Li Heng, Durbin Richard
Department of Data Science, Dana-Farber Cancer Institute, Boston, MA, USA.
Department of Biomedical Informatics, Harvard Medical School, Boston, MA, USA.
ArXiv. 2023 Aug 15:arXiv:2308.07877v1.
De novo assembly is the process of reconstructing the genome sequence of an organism from sequencing reads. Genome sequences are essential to biology, and assembly has been a central problem in bioinformatics for four decades. Until recently, genomes were typically assembled into fragments of a few megabases at best but technological advances in long-read sequencing now enable near complete chromosome-level assembly, also known as telomere-to-telomere assembly, for many organisms.
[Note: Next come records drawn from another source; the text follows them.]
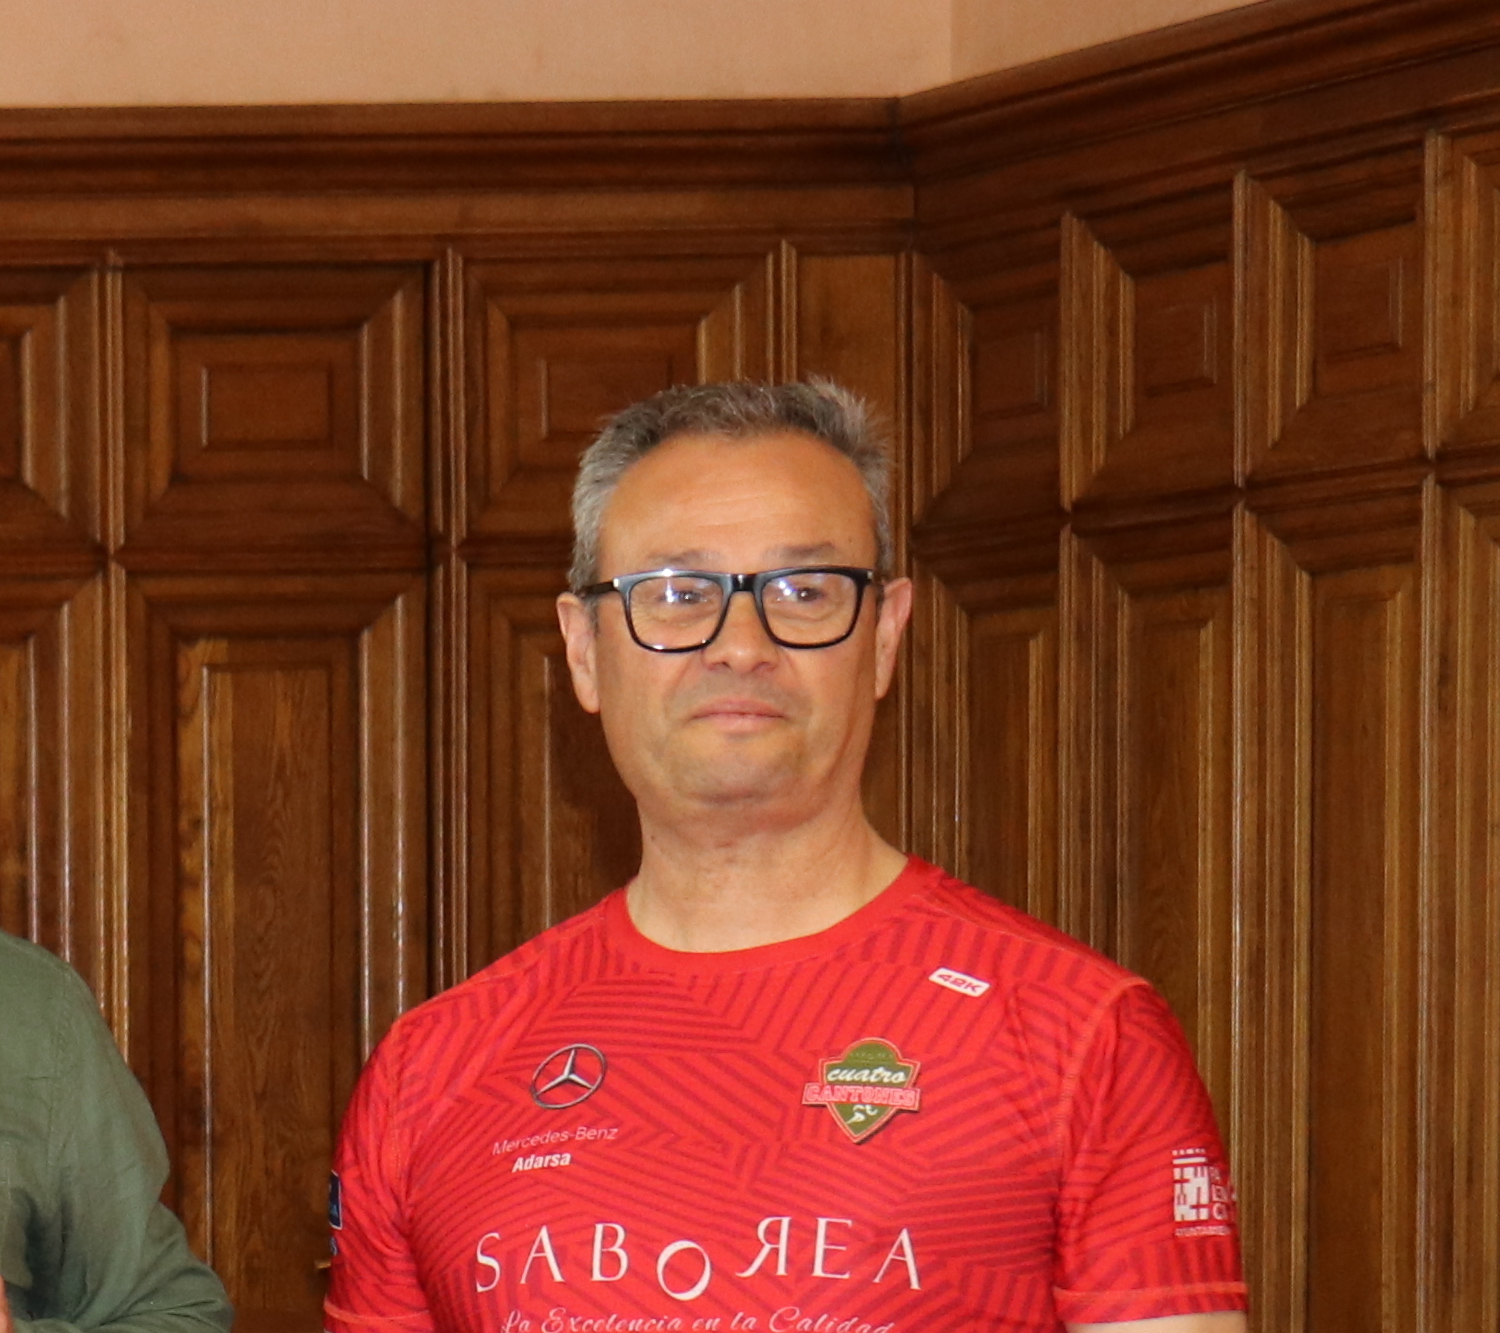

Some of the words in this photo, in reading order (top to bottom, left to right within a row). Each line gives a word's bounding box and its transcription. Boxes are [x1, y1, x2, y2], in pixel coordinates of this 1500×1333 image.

[826, 1066, 908, 1084] cuatro
[804, 1084, 917, 1108] CANTONES
[491, 1126, 619, 1156] Mercedes-Benz
[511, 1152, 573, 1173] Adarsa
[692, 1316, 718, 1332] en
[731, 1311, 758, 1331] la
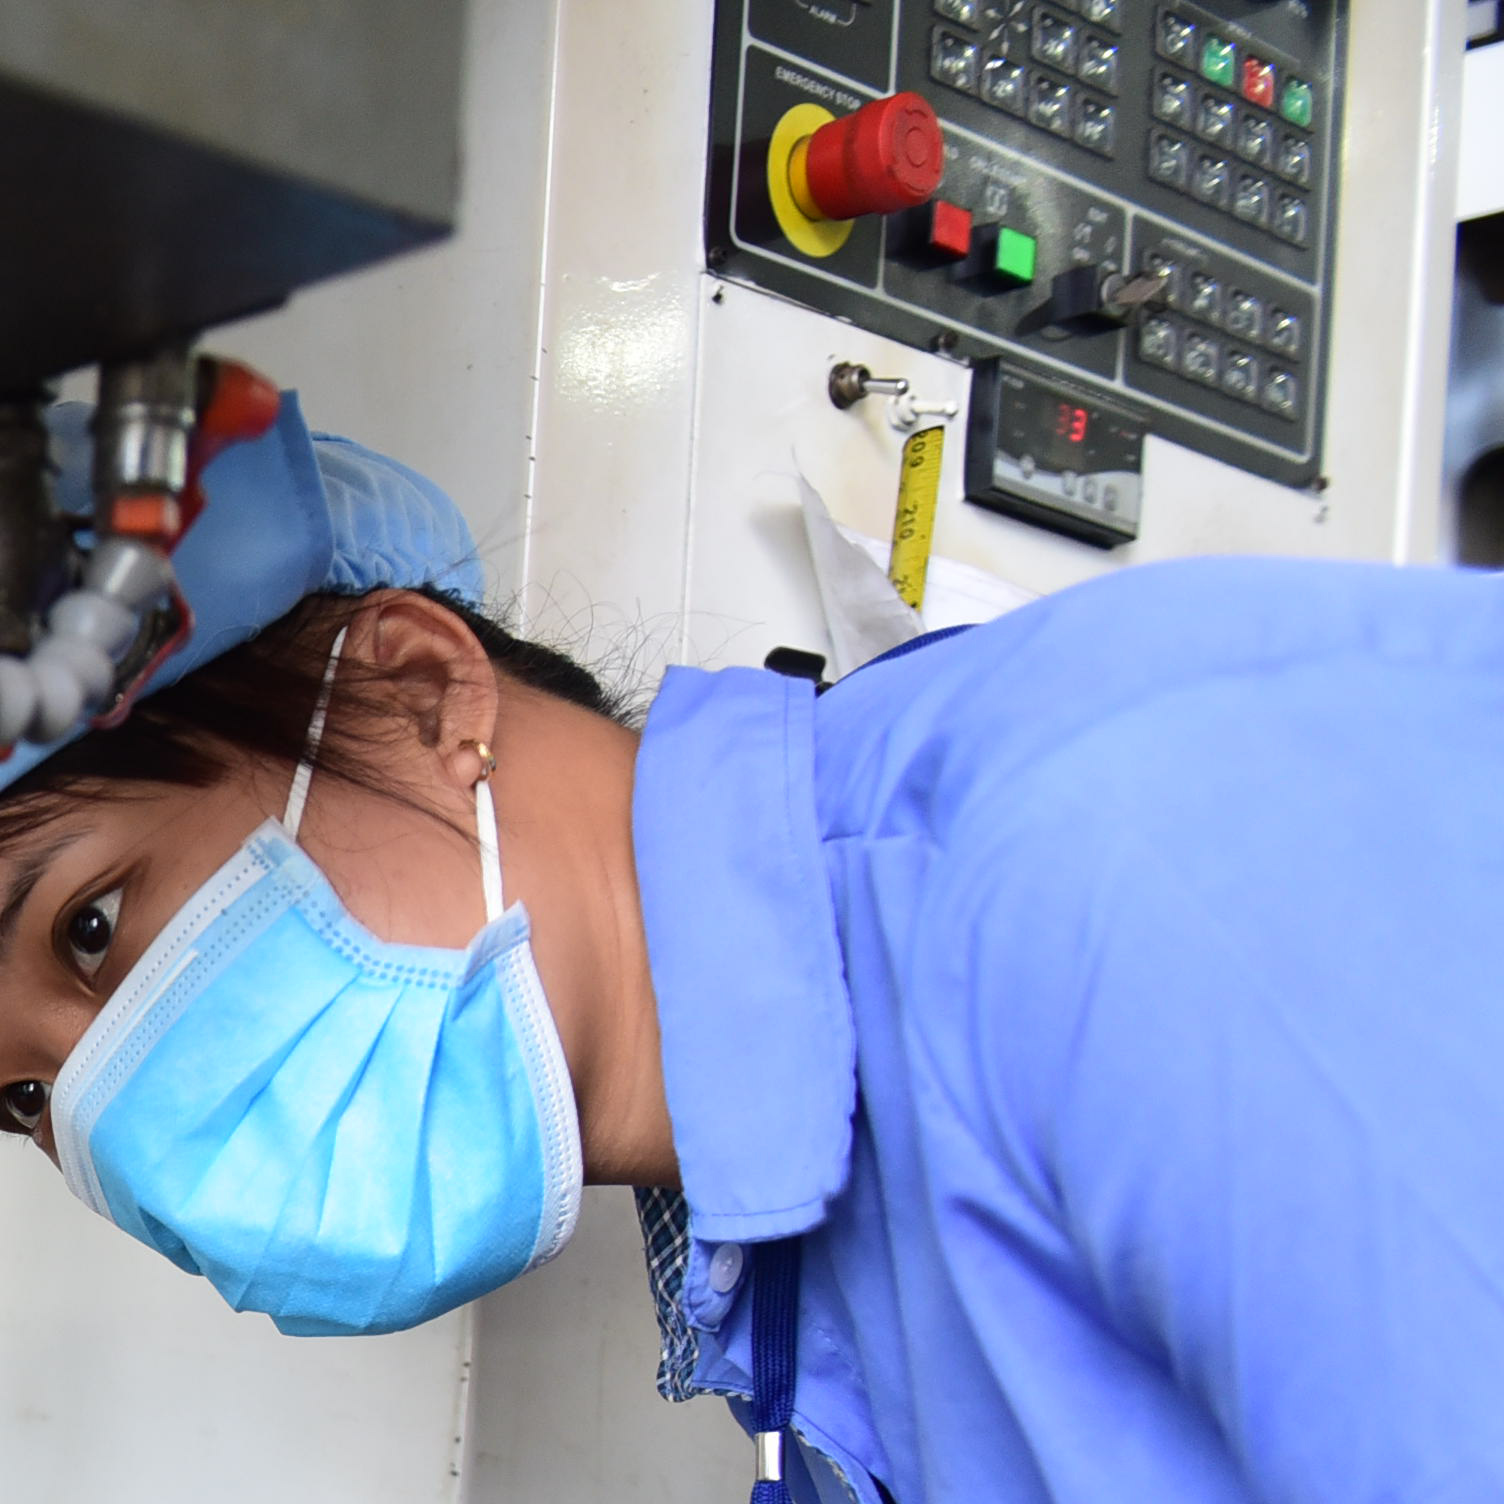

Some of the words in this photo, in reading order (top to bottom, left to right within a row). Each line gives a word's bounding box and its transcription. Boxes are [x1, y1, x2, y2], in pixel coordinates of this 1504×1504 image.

[774, 65, 835, 100] EMERGENCY
[835, 89, 862, 111] STOP
[898, 502, 918, 540] 210
Here we review recent progress on assembly algorithms and protocols. We focus on how to derive near telomere-to-telomere assemblies and discuss potential future developments.
从头组装是指从测序读数中重建生物体基因组序列的过程。基因组序列对生物学至关重要,并且在过去四十年里,组装一直是生物信息学中的核心问题。直到最近,基因组通常最多只能组装成几个兆碱基的片段,但长读长测序技术的进步现在使许多生物体能够实现近乎完整的染色体水平组装,也称为端粒到端粒组装。在这里,我们回顾了组装算法和方案的最新进展。我们重点关注如何获得近乎端粒到端粒的组装,并讨论潜在的未来发展。